With just four short weeks to go until the election, the 2012 race for the White House has tightened up considerably. Romney's performance in the first presidential debate has given him a solid boost, for now, and Obama is slipping in a number of very key states. Romney has still not "sealed the deal" by any stretch of the imagination, but then again, neither has Obama -- even though a week ago, that's where it looked like he was heading.

Barring an unforeseen "October Surprise" of some sort, we've got three big political events remaining. The vice-presidential debate happens tomorrow night, and there are still two presidential debates on the calendar. Days before the election, one more monthly unemployment number will be released, but the impact this will have may be minor, since history shows that the closer any political event is to voting day, the less impact it tends to have (for better or for worse).

Before tomorrow night, we'll be hearing a whole lot of "vice-presidential debates haven't ever mattered," mostly uttered by the same people who told us, a week ago, that "presidential debates rarely change anything." Since these nattering nabobs of negativism (to use a famous vice-presidential phrase) were wrong before, one has to at least consider that they may be wrong again. Tomorrow's debate may matter a great deal to the voters. The first presidential debate was watched by a jaw-dropping record number of viewers (upwards of 70 million), and it's all anyone's been talking about since in the political world (even the Big Bird stories were tied in to the debate). So perhaps quite a few folks will tune in tomorrow night as well, and perhaps Joe Biden and Paul Ryan may prove to move public opinion this time around.

Handicapping Biden and Ryan is almost impossible. Both men have solid records in one sense, and are on shaky ground in another. Starting with Ryan, he is a very good speaker in contentious question-and-answer settings. The proof of this is his many, many appearances on cable news shows before being named Mitt Romney's running mate. Ryan is always sure of himself, and always has a bevy of numbers to toss in the air. He's a fast-talker, too. Not in the pejorative sense (make your own mind up about that), but in the literal sense -- he speaks so quickly he can uncork a whole lot of ideas in a very short space of time. The quickness of his verbiage actually reaches the extremely high bar set by the fictional characters on the West Wing television show (who were always rushing through hallways, talking a mile a minute, it seemed). Crucially for Ryan, he has the ability of taking very complex concepts, seeing them through his own ideological lens, and presenting the result as the most eminently reasonable way of looking at things. Bill Clinton had the same magic touch.

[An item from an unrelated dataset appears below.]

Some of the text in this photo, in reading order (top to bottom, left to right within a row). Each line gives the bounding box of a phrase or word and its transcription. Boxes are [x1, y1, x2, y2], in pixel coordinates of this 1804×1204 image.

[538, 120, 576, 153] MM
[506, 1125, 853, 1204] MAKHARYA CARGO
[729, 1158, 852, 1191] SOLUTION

Joe Biden, on the other hand, has had actual debating experience. He's good in debates in an entirely different way. He not only presents his facts, but does so with emotion -- a key ingredient missing from Obama's last debate. Joe also has plenty of real-world political experience both in foreign policy and in the ways of Washington. He's been around the block quite a few times, to put it another way. Also in his favor in debate settings, Biden has a wonderful way of pointing out when the other side is just flat-out being ridiculous. He even had to tone this down in the last debate he took part in, so as not to appear to be "beating up" on Sarah Palin too much. This time, he'll have no such restraint. Finally, Biden relates to his audience well, especially those further down the economic scale. Again, like Clinton, he has the shining ability to feel people's pain.

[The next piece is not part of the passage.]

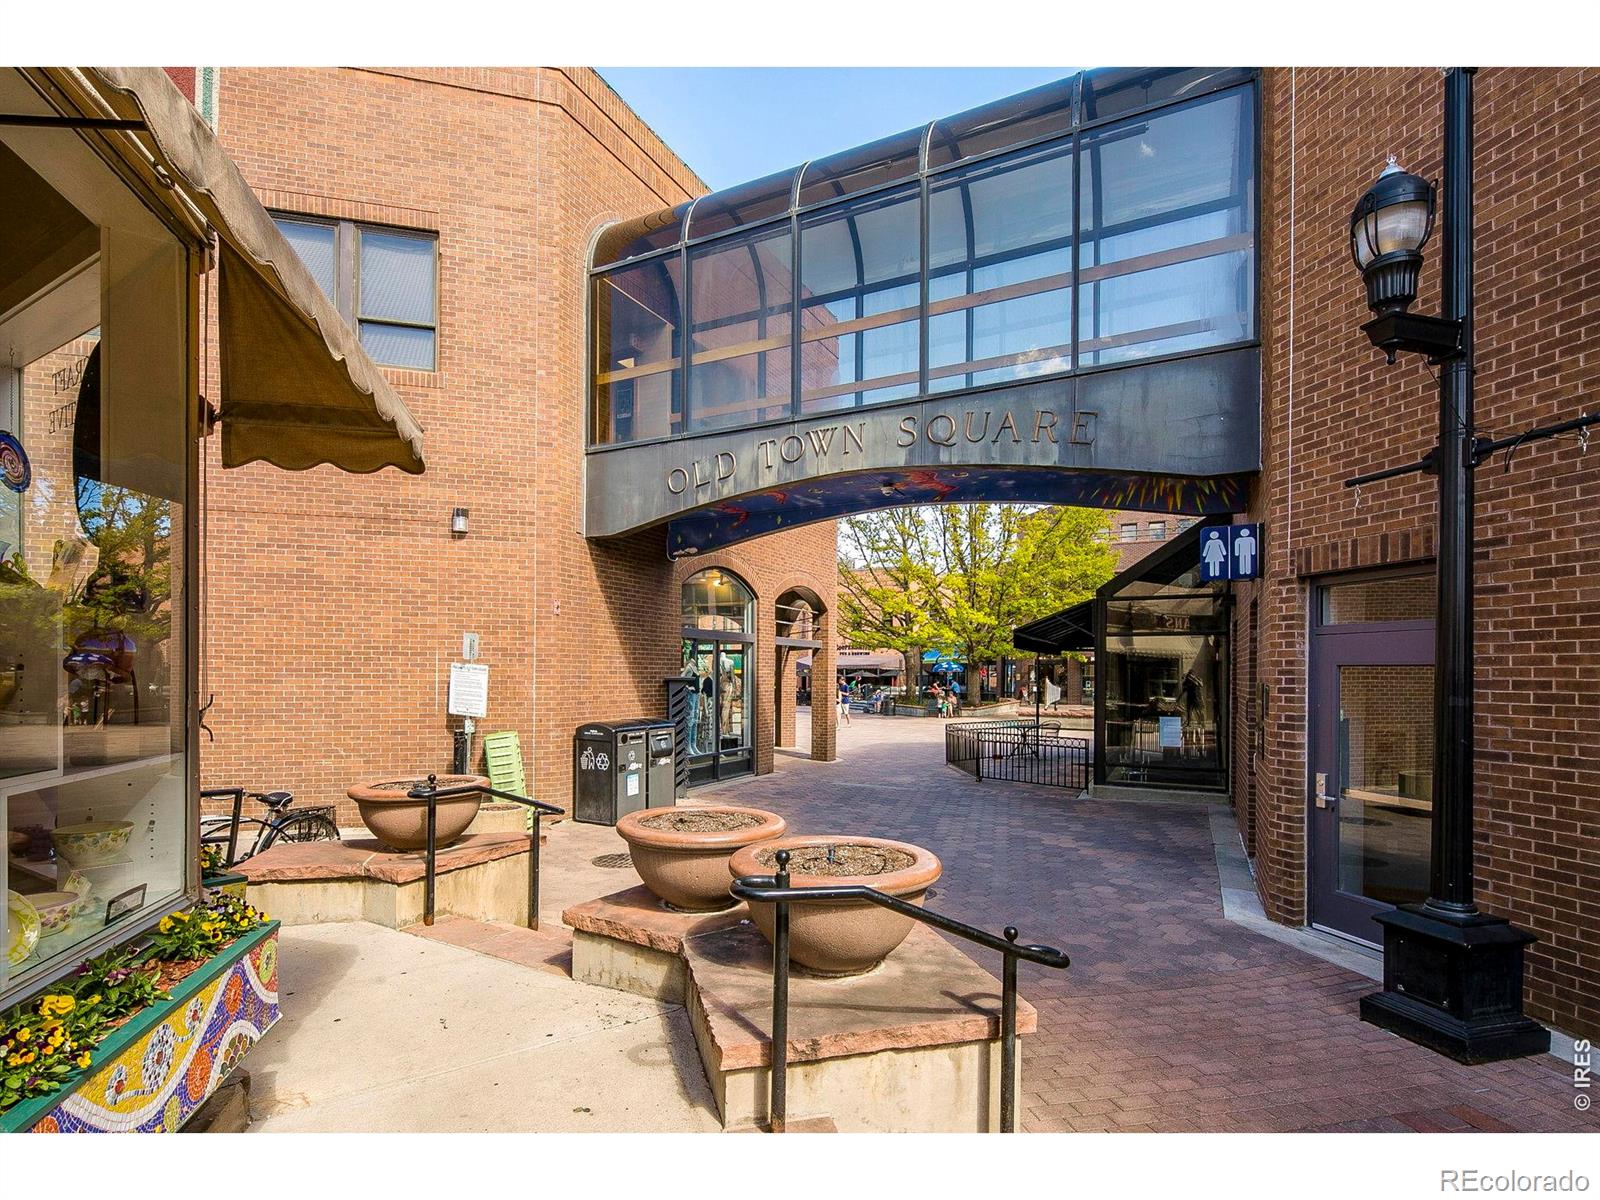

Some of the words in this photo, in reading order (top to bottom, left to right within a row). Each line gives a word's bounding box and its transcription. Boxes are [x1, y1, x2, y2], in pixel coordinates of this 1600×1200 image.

[667, 449, 737, 494] OLD
[758, 421, 866, 469] TOWN
[896, 409, 1099, 448] SQUARE

Both participants have negatives, too. Ryan has never been on a national debate stage, for instance. I would bet this isn't going to be much of an impediment, though, because of all that time he's spent on cable television practicing the modern debating style rather than the formal, traditional style. Look for Ryan to attempt to talk all over the moderator and over Biden, because that's what plays well on cable. It'll appear aggressive, and the only question is whether it'll appear too aggressive to viewers at home. Since almost nobody said Romney appeared too aggressive last week, Ryan will probably feel pretty unconstrained here. Ryan's other big drawback -- one that seems to be coming to light more often -- is that he is pretty short-tempered with people who disagree with him and question his pronouncements. Look for Biden to really try to get under Ryan's skin, in the hopes that Ryan will fly off the handle in some unguarded moment. The last big drawback Ryan's got is the handcuffs the Romney team has placed upon him. Paul Ryan has a few budget bills to his name, but he's only the number two guy on the ticket, and has had to squelch a lot of his own bright ideas because Romney won't fully back them. He's had to say things like "but that's my budget plan you're talking about, not Mitt Romney's," and this could be a big handicap tomorrow night. If Biden hammers Ryan on Ryan's own budget, Ryan will be reduced to using this line over and over again, which may come off as rather weak.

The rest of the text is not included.